Odil, nouvelle foncière au service du développement commercial nîmois
Six actionnaires publics et privés* officialisent – le 5 juin à Nîmes – la création de la Foncière Odil (Outil de développement et d’investissement local), destinée à « capitaliser sur l’attractivité commerciale du centre-ville nîmois et à conforter le renouvellement urbain des quartiers ». Le montant prévisionnel des investissements programmés par cette nouvelle structure est estimé à 22,6 M€. La foncière devrait notamment permettre d’assurer la maîtrise d'« emplacements visibles et à effet levier », de développer une offre attractive « participant au renforcement commercial », de requalifier l’offre de locaux commerciaux existants ou d’ajuster les conditions locatives.

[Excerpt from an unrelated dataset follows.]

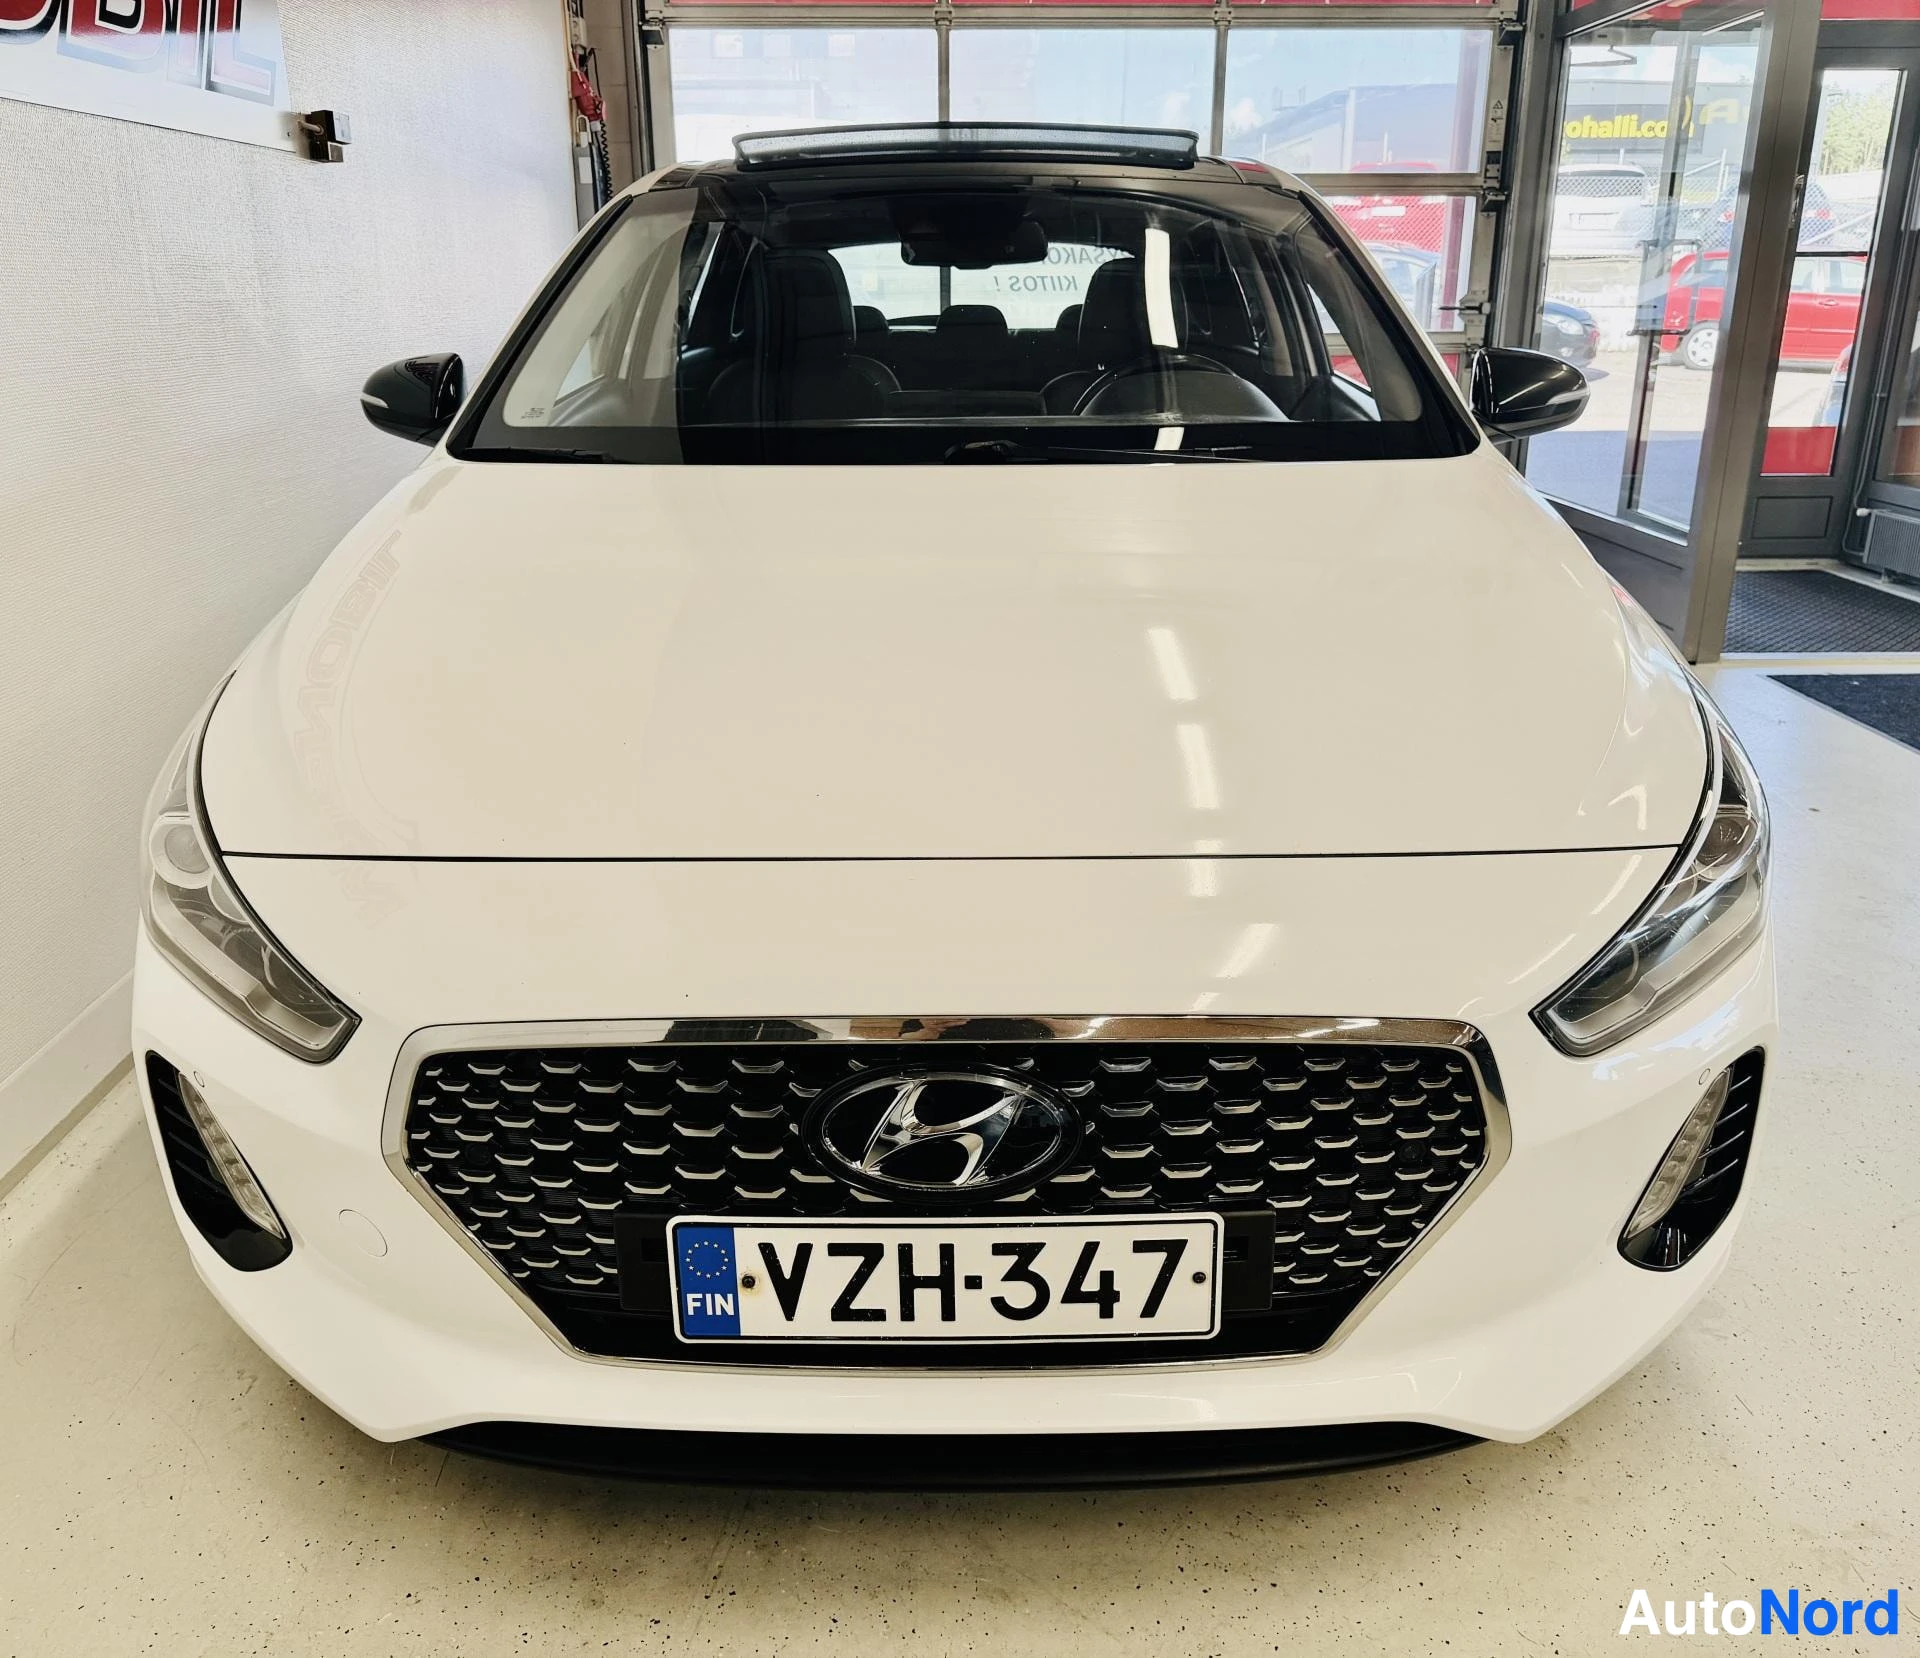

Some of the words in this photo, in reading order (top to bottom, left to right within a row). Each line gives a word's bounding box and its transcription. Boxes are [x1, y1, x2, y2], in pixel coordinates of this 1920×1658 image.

Interventions stratégiques
Deux secteurs sont particulièrement ciblés par ce nouvel outil : le centre-ville et trois quartiers périphériques (Pissevin-Valdegour, Mas de Mingue et Chemin bas d’Avignon). « L’objectif est d’apporter des moyens de transformation immobilière à fort effet levier pour contribuer, d’une part, au développement commercial du centre-ville, et, d’autre part, à la rénovation de pôles commerciaux dans des quartiers en phase de renouvellement urbain, précisent les actionnaires. Ce double choix permet d’intervenir sur des secteurs commerciaux stratégiques de l’agglomération où l’on sait que l’impulsion et la présence d'une foncière peuvent avoir un effet levier. »
Lutter contre la vacance
Odil devrait également permettre de lutter contre la vacance commerciale dans la capitale gardoise. « L’augmentation de la vacance, qui s’est développée de façon sensible ces dernières années (elle est un peu en dessous de la moyenne à Nîmes, à 12 % contre 12,5 % au plan national), a mis en évidence l'intérêt de recomposer les parcours marchands et de faire évoluer les linéaires commerçants, soulignent les initiateurs de ce nouvel outil. La fragmentation foncière du centre-ville, où chaque commerce a un propriétaire différent et où la structuration et la cohérence de l’offre se trouvent rendues très difficiles, constitue un handicap de fond, qu’une foncière a vocation à traiter. »
*Sem Sat (Société d’aménagement des territoires), Banque des Territoires, Sasu Crédit Agricole Languedoc Patrimoine, Sasu Foncière Ardilla (Caisse d’Épargne), sociétés Arkéa et Socri Reim.